* Prompt
Search the entries for the line containing "this 1568×2349 image.". Repeat it, then every line after it, exactly through the final line.

Spatial localization data:

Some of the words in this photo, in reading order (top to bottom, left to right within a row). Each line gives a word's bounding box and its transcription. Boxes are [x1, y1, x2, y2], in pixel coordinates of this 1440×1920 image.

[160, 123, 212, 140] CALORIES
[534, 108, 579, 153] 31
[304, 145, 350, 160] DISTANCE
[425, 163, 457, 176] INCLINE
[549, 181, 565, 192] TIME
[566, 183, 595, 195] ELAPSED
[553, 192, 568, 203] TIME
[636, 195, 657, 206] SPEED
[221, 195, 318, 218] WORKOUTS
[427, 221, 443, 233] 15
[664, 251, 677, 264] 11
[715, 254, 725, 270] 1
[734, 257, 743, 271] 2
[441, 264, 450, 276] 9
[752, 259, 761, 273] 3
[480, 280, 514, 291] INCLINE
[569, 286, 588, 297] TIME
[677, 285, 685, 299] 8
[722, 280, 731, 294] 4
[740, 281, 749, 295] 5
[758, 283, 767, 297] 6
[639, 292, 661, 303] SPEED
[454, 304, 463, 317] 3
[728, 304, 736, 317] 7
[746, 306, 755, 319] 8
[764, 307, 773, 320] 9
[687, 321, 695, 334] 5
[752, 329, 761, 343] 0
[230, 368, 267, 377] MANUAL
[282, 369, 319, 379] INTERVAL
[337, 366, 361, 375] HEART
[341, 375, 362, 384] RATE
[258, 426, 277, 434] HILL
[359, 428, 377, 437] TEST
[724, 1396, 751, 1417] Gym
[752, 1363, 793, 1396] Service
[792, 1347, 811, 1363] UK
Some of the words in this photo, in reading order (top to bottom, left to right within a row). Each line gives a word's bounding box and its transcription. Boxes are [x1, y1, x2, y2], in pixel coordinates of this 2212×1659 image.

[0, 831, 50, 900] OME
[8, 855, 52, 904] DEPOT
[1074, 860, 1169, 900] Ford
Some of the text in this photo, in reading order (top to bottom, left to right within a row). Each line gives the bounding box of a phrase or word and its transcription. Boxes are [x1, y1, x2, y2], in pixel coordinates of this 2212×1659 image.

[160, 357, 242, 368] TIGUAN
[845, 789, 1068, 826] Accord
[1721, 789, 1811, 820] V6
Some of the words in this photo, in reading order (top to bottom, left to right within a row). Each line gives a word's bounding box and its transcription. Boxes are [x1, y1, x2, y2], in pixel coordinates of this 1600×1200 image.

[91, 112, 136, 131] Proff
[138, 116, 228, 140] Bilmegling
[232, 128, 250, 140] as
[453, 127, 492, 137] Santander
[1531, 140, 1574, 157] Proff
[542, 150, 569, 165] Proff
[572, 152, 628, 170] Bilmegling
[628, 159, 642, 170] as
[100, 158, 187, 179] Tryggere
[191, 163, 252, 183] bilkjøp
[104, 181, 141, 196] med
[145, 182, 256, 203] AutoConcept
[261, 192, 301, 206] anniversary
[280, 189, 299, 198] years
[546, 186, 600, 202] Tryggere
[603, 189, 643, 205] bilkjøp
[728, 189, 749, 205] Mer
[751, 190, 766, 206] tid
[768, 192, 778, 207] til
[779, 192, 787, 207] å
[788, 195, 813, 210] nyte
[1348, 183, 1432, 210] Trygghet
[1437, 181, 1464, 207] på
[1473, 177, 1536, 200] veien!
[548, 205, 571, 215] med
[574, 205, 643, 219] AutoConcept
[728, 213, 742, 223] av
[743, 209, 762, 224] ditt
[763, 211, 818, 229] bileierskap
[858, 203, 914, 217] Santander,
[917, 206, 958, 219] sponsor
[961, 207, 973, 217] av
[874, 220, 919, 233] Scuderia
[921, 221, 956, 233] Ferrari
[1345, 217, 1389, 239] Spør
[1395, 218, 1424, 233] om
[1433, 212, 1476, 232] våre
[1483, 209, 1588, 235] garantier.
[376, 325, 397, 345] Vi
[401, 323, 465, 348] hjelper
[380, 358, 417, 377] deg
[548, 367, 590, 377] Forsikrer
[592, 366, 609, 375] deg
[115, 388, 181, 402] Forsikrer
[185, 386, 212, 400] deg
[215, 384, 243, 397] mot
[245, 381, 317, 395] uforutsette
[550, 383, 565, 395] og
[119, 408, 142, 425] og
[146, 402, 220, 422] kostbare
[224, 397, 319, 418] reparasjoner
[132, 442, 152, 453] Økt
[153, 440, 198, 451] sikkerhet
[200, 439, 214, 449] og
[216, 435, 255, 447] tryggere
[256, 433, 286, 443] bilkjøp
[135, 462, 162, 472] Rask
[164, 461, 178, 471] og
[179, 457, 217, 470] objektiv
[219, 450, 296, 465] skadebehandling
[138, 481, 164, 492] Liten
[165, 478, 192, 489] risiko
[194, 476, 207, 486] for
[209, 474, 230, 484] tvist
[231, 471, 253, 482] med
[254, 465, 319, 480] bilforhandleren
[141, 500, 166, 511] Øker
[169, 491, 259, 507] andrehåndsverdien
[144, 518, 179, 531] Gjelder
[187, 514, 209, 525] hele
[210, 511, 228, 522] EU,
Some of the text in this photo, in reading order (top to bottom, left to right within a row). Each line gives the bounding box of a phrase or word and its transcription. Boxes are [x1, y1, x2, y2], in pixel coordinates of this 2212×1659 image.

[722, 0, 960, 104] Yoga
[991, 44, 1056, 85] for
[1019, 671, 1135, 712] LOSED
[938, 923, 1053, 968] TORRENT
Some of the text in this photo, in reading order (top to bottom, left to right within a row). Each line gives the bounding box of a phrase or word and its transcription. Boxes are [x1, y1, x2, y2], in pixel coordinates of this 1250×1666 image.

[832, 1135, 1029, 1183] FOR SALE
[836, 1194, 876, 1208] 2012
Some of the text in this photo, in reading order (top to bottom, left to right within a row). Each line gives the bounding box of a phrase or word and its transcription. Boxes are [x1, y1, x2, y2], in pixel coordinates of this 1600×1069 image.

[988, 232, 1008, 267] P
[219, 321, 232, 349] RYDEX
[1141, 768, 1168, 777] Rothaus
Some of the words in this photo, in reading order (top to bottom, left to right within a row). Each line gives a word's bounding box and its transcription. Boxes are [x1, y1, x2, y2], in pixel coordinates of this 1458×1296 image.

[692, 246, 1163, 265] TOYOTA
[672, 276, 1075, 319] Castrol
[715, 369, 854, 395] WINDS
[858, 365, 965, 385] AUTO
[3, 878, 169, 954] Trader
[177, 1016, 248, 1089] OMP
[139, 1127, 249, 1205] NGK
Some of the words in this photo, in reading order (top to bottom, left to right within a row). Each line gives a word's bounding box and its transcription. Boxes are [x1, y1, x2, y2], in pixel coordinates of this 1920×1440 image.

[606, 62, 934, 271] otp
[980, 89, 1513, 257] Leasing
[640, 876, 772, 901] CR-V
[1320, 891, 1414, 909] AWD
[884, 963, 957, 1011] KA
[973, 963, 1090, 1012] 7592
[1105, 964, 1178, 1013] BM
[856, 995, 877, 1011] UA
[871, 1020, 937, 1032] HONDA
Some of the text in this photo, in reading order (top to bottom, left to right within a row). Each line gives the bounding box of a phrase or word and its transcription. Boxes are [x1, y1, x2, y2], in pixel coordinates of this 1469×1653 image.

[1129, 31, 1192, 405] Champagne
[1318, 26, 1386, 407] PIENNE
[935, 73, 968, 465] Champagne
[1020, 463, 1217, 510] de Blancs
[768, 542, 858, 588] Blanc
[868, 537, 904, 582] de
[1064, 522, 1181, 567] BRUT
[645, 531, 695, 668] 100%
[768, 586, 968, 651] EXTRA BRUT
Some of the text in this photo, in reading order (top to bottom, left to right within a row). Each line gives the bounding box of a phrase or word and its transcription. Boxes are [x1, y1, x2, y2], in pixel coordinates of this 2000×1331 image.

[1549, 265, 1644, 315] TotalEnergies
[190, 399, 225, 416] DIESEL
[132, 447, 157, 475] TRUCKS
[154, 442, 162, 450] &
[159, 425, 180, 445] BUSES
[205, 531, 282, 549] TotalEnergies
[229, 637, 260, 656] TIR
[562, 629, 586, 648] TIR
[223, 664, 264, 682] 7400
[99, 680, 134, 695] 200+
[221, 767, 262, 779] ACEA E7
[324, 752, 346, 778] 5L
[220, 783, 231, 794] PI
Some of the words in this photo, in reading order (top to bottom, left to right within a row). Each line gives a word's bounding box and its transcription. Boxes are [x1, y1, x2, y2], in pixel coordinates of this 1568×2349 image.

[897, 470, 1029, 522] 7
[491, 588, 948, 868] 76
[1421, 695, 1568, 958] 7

* Response to the exercise
Some of the words in this photo, in reading order (top to bottom, left to right within a row). Each line gives a word's bounding box and its transcription. Boxes are [x1, y1, x2, y2], in pixel coordinates of this 1568×2349 image.

[897, 470, 1029, 522] 7
[491, 588, 948, 868] 76
[1421, 695, 1568, 958] 7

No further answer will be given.